Today is my friend, RP's, birthday. Not even she would have imagined that the week culminating in her birthday would witness so many cricketing feats worthy of books by themselves. Murali crossed 600, Kumble crossed 500, and my favourite pacer who is also the fastest bowler in the world - Shane Bond - is back!! (Yes, I know Lee and Akhtar are faster but I hope you get my point).
All three of them are men of a different breed. Murali has been abused and vilified for his bowling action and yet the man keeps chugging away. He bowls an inordinately large number of overs almost as if he is hell-bent on bowling his arm out before bowing down to the naysayers.
Kumble went through a phase where he was not the first choice of the former captain and even now, in a perverse way, Dravid ensures that Bajji gets the ball first, almost as if to prove to his detractors that he is not partial to his fellow Kannadiga. In spite of all that the leg-spinner, whose bowling arm injury was the catalyst that paved the way for player contracts from the BCCI, keeps attacking only as he knows best. He is still fit enough to play for a few years, and judging from the way he batted yesterday, his resolve to put up his hand when the team is in trouble has not left him.

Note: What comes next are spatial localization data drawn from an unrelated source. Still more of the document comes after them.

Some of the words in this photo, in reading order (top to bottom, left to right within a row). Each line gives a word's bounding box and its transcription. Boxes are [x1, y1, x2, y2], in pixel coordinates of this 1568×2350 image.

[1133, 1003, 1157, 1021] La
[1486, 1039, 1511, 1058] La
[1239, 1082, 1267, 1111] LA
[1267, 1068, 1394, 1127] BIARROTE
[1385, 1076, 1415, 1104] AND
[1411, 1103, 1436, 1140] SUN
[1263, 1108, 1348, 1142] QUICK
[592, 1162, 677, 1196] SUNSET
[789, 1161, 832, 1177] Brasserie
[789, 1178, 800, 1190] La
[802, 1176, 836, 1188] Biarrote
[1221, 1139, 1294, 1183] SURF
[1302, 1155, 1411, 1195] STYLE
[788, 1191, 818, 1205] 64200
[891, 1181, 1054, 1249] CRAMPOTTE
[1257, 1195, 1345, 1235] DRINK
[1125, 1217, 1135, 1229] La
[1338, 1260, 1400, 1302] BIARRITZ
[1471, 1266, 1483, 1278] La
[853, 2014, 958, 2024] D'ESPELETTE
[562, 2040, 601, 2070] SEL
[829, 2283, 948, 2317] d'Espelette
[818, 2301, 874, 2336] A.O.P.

Shane Bond is a rarity - a fast bowler that Australian batsmen fear. In the 2003 World Cup he produced spell after spell of devastating fast bowling, almost single-handedly leading New Zealand onwards. If a 10 over restriction had not existed in ODI's I believe that he would have blown away India in the Super Six encounter where he ripped through our batting order. By his own admission he is one more injury away from quitting cricket. His remodeled action looks quite good and, hopefully, those stress fractures of the back are a thing of the past for the Kiwi cop.

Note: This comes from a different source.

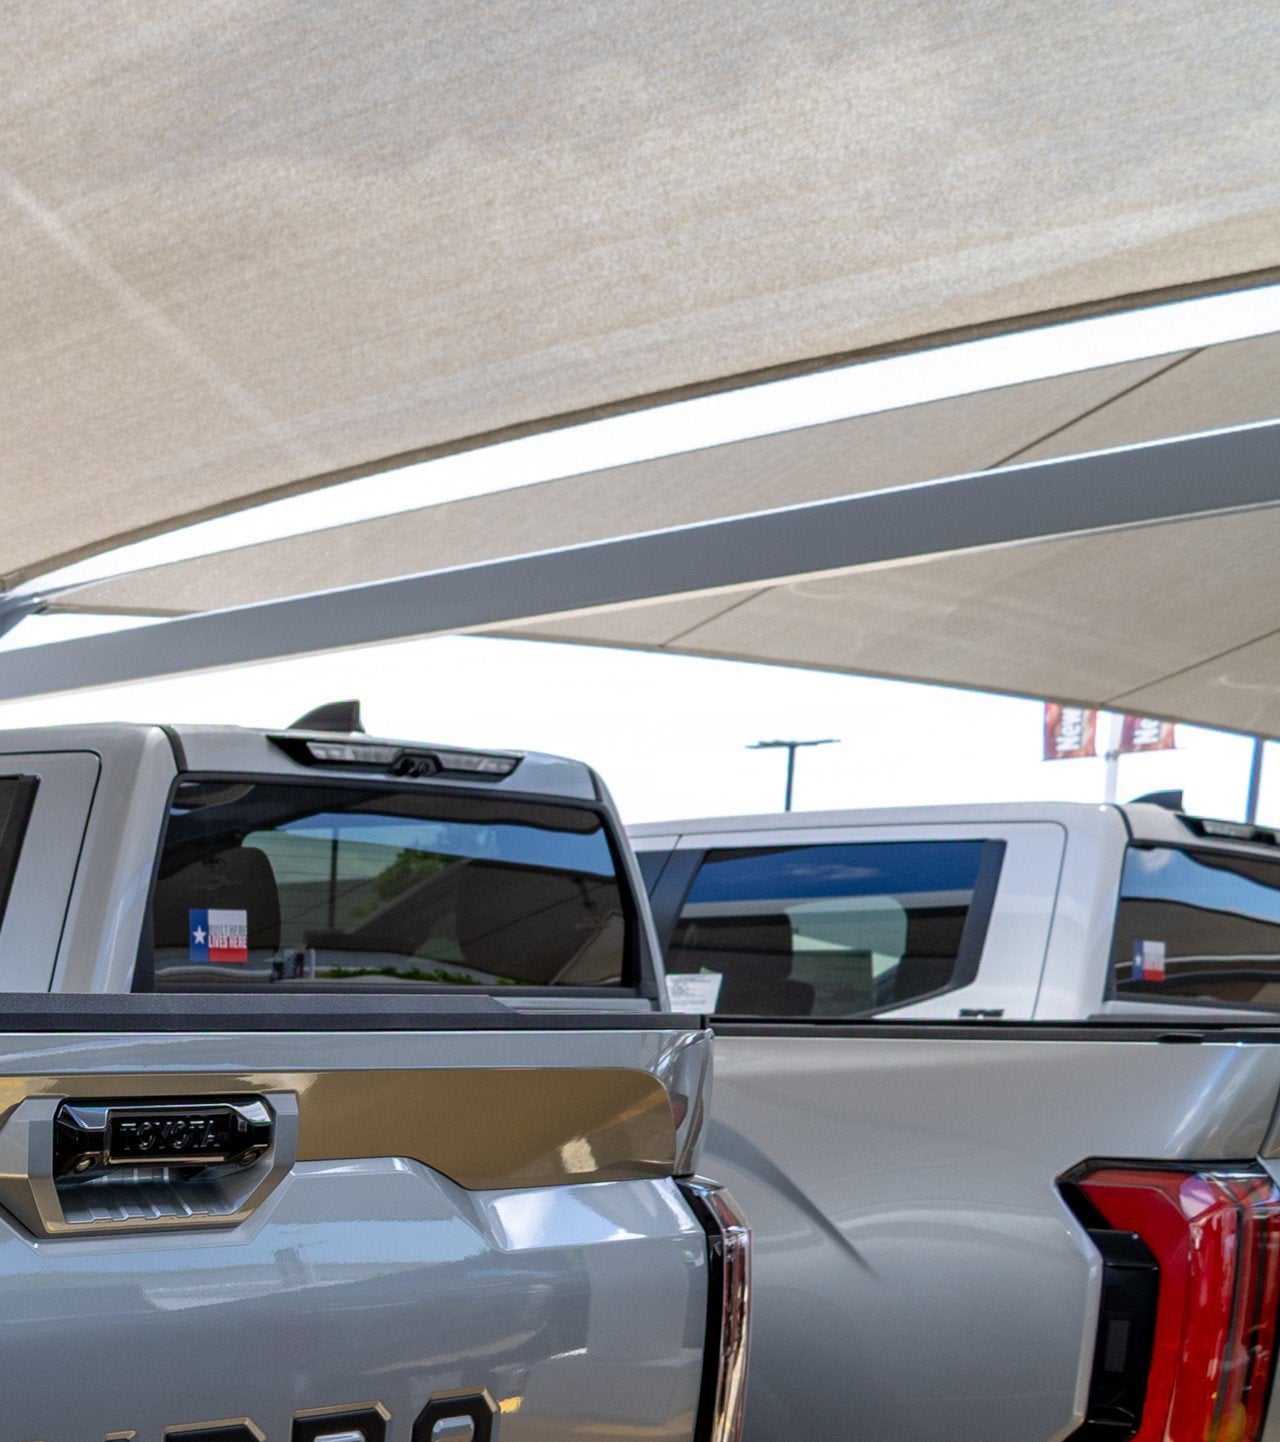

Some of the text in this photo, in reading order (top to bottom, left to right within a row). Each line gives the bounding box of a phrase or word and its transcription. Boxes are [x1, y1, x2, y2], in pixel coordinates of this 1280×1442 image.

[208, 935, 248, 948] LIVES HERE
[119, 1118, 222, 1152] TOYOTA

But all of their feats paled in front of an event that I did not even watch (more on that in another post).
2 comments:
Did you read that piece about how Chris Gayle's six reversed the Windies fortunes?
The ball was declared lost and the replacement ball suddenly produced reverse swing and the collapse of the already frail Windies lineup was the outcome!
Yes, regarding Gayle, I was going to write about the slings and arrows of outrageous fortune, but could not quite come up with a good enough entry so I did not.
I noticed something about the English bowlers too, obliquel related to that Gayle incident, that I may end up writing about, now that you mentioned it.